With Chick-fil-A, Consumers Separate Food From Social Issues

Chick-fil-A Inc. appears relatively unscathed five years after the fast-food chicken company faced public scrutiny over its conservative views, according to Morning Consult’s Community Impact Rankings.

Forty-nine percent of U.S. adults said Chick-fil-A has a positive influence on their community, while 7 percent said the chain has a negative one, putting it above restaurants such as Arby’s Restaurant Group Inc. and Yum! Brands Inc.’s KFC — despite the controversy surrounding Chick-fil-A just a few years ago.

Chick-fil-A’s public image was hit in 2012 after CEO Dan Cathy said he was opposed to same-sex marriage and as reports surfaced that the company donated to anti-gay charities, sparking protests. Cathy is a conservative Christian, as was his father, Chick-fil-A founder S. Truett Cathy.

Nearly half of the public (48 percent) supported same-sex marriage at the time, including 64 percent of millennials, according to polling from the Pew Research Center.

And yet millennials are less likely to view Chick-fil-A’s community influence negatively compared to McDonald’s and other fast-food chains.

Ten percent of millennials say Chick-fil-A has a negative impact on their community, while 53 percent say it has a positive one. That’s compared to the 26 percent who say McDonald’s has a negative influence on their community — along with 16 percent who say Burger King has a negative impact and 12 percent who say the same of Taco Bell.

Chick-fil-A also ranks particularly high in the South, where the share of Americans supporting gay marriage is lower, though a majority still support it. Fifty-eight percent of Southern residents favor legalized same-sex marriage, according to an August survey from research organization PRRI, compared to 66 percent of U.S. adults overall.

“What’s interesting about the paradox of Chick-fil-A is that, in many ways, it’s probably one of the most socially advanced companies in terms of treatment of employees and its role in the community,” Thomas Ordahl, chief strategy officer of the brand consulting firm Landor, said in an interview Nov. 13. “And yet its founder has a position that is quite dissonant with most people in the U.S.”
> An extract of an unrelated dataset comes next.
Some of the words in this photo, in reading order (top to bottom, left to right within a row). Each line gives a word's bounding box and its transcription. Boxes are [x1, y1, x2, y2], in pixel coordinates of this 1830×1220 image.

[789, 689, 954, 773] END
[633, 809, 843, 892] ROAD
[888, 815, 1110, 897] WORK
Ordahl believes Chick-fil-A consumers are able to separate their sentiments on social issues from where they spend their money. And beyond the 2012 controversy, Chick-fil-A is an organization with an extremely good reputation, Ordahl said — much of that tied to its internal policies.

“The strongest part of their brand is how they treat employees,” he said. This includes providing opportunities for education scholarships for the roughly 120,000 people employed at individually owned restaurants.

Chick-fil-A has been providing scholarships to its employees for 40 years, and this year nearly doubled its projected giving from $4.9 million to $8.8 million, the company said.

Perceptions of community impact could also be credited to Chick-fil-A’s external charitable giving, which has shifted since the 2012 same-sex marriage controversy. That year, the chain started the Chick-fil-A Foundation, which has the broad focus of helping children succeed.

Rodney Bullard, executive director of the Chick-fil-A Foundation, spoke at a conference at the U.S. Chamber of Commerce Foundation last week about one program: The Westside Future Fund, a nonprofit aimed at revitalizing Atlanta’s Westside neighborhood.

When asked about Cathy’s remarks in a Nov. 15 interview, Bullard said Chick-fil-A has never had a policy against the LGBT community.

Sarah Marion, senior manager of syndicated research at The Hartman Group, said consumers view Chick-fil-A as having higher-quality food, better customer service and happier employees than similar fast-food restaurants, elevating positive perceptions of its community impact.

“In our research, we’ve seen that these attributes often matter more to millennials than to older consumers, especially compared to other benefits like low prices or familiar flavors,” Marion said in an interview on Nov. 9. The Hartman Group researches the food and beverage industry.

The community impact rankings of Chick-fil-A, which operates more than 2,200 restaurants, stand out in six states in particular. Residents in Alabama, Georgia, North Carolina, South Carolina, Texas and Virginia rank its community impact more positively than the national average.

The Standout Brand in Each State

Combined, the locations in those six states make up nearly half of Chick-fil-A’s restaurants nationwide. The restaurant’s net community impact is higher among Southern residents (59 percent) than among residents in the Northeast (29 percent), West (31 percent), and Midwest (34 percent).

And such positive sentiment feeds into the company’s bottom line: A 2017 report from QSR, a business-to-business magazine for the quick-service restaurant industry, shows the company generates the most sales revenue per restaurant, beating out fast-food competitors like McDonald’s and fast-casual restaurants such as Chipotle.